We had already seen way beyond 50 reds, and in the last half an hour or so, spotted 8-10 large trout. They were layed up, in water a foot deep or less. I love catching reds on a fly rod, but they don't even come close to the shots at big trout. Right as I got to the front of the boat, I was re tying a leader that didn't look safe to test. Marcos says, you better hurry up captain, there's a tailer at 12 o'cock and about 60 feet. I scramble to get rigged and then turn to look at the fish, this was not your average shallow water red. We couldn't tell just how big but she was way over 30 inches. I made 3 cast that didn't quite hit the mark for her as she swam lazily away from the shoreline. She felt the boat and turned away, and we lost her momentarily in the sun. We eased back around and I saw her. It took two more casts before I got on that worked. We both watched this behemoth red suck down the little shrimp fly, and I stripped the line tight. She never made a huge run, mostly just acted like she was agrivated by the sting. She came back at the boat then shot under the bow. I got lucky and she came out the left side but continued towards the back of the boat. Some quick scrambling and I managed to keep her out of the prop. I was by no means in control of this fight, she was way green at this point. She surged away, then changed her mind again and shot right back at the transom. This is where things got ugly. There was no way to stop this fish, and Marcos was trying to get a picture. She shot right under the transom and surged hard. My 8 weight TFO couldn't stand the strain and snaped into 3 pieces. Expletives flew, but she was still on.

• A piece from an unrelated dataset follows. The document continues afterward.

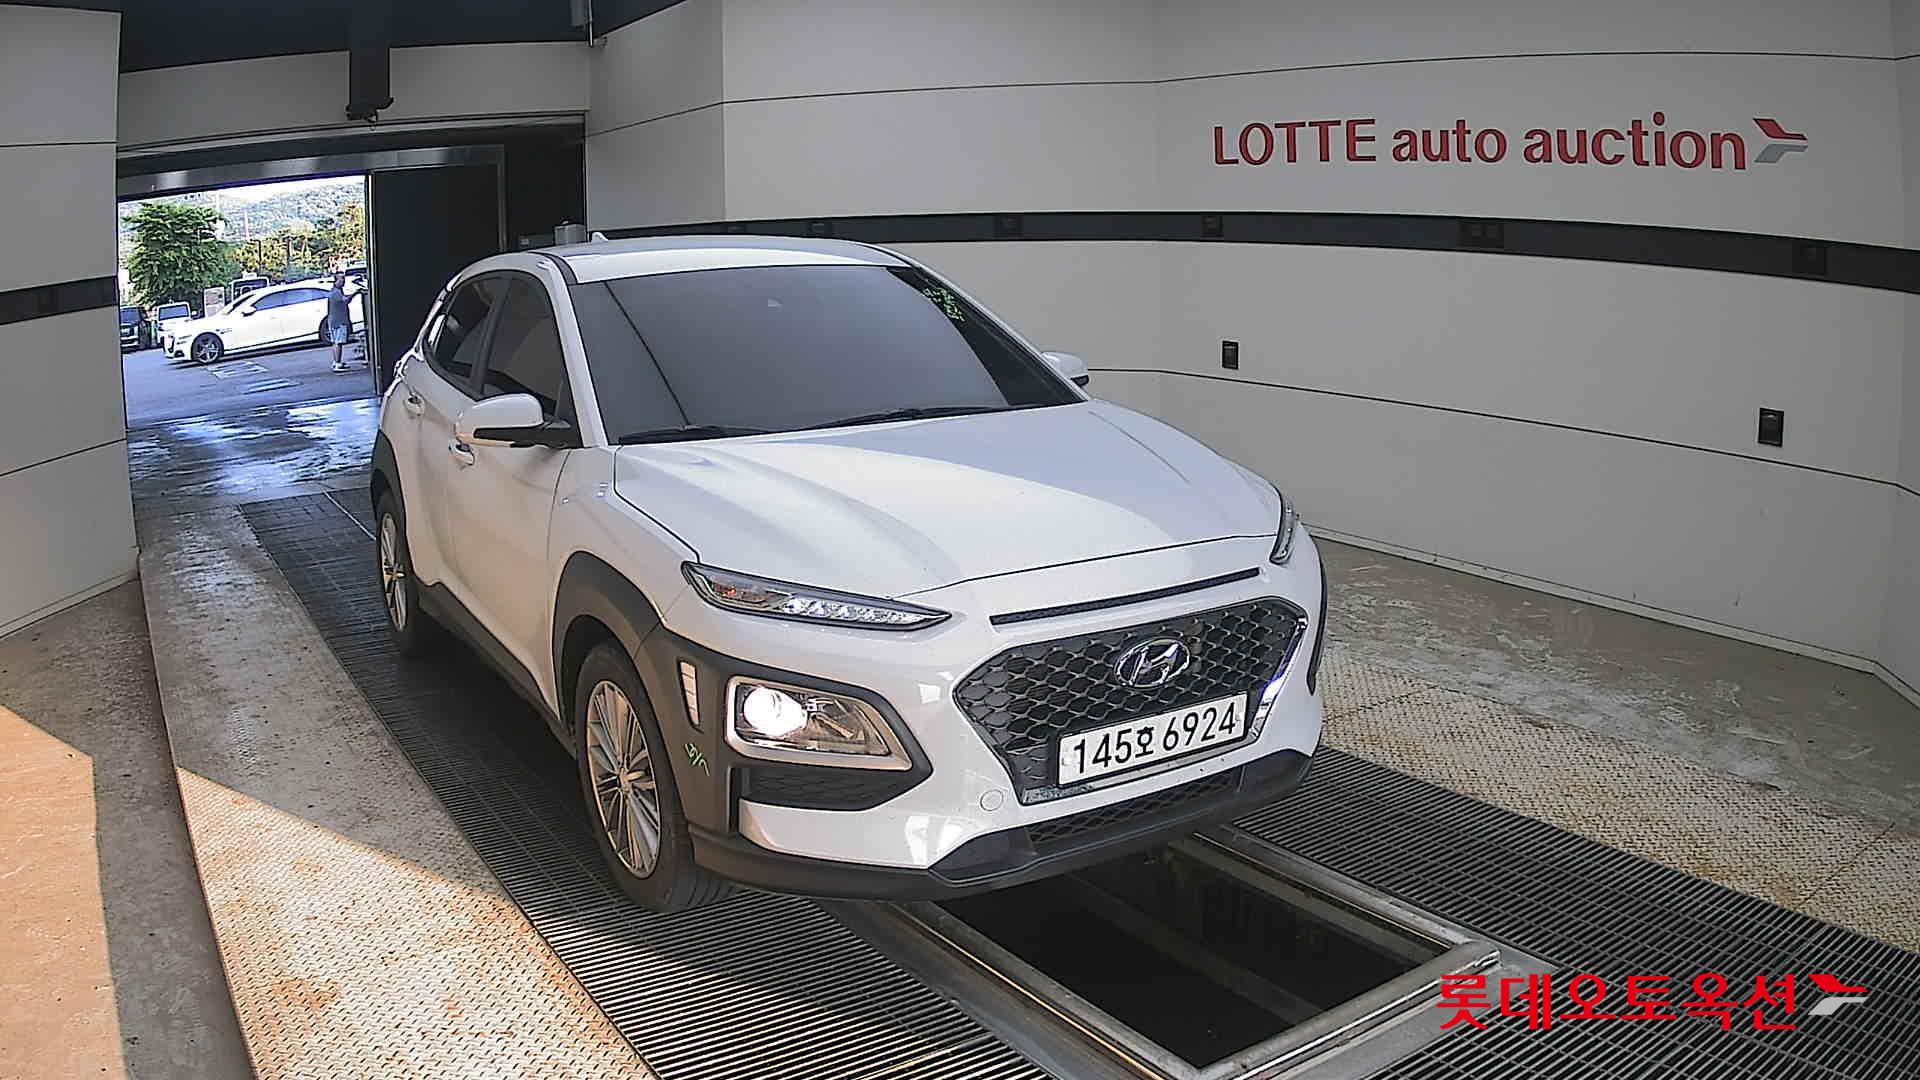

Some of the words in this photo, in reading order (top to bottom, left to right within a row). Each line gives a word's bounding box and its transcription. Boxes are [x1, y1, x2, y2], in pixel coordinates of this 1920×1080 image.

That didn't last long either, and the tippet popped a couple of seconds later. 

I guess that fish wasn't meant to be. It was by far the largest red that I have ever sight cast. She was in about a foot of water, and when she was right at the boat several times, we could clearly see that she was in the 38 to 40 inch range. It was a crushing blow to loose that fish, but we recoverd quickly. I grabbed Marcos' 7 weight and went back to work. I think that I landed 7 or 8 in just over an hour. I also had good shots at 2 trout that we easily over 28 inches. One was within 15 feet of the me, neither seemed to take much interest in my shrimp fly that the reds like so well. 

We got Marcos back on the bow for two last fish. I think that the total was around 15 or 16 reds most on the shrimp fly. We went 0 for 15 on the big trout. We saw somewhere in the range of 100 reds, and 15 to 20 trout over 25. 5 of the trout were clearly in the 28 to 30 plus class. Painful but fun. 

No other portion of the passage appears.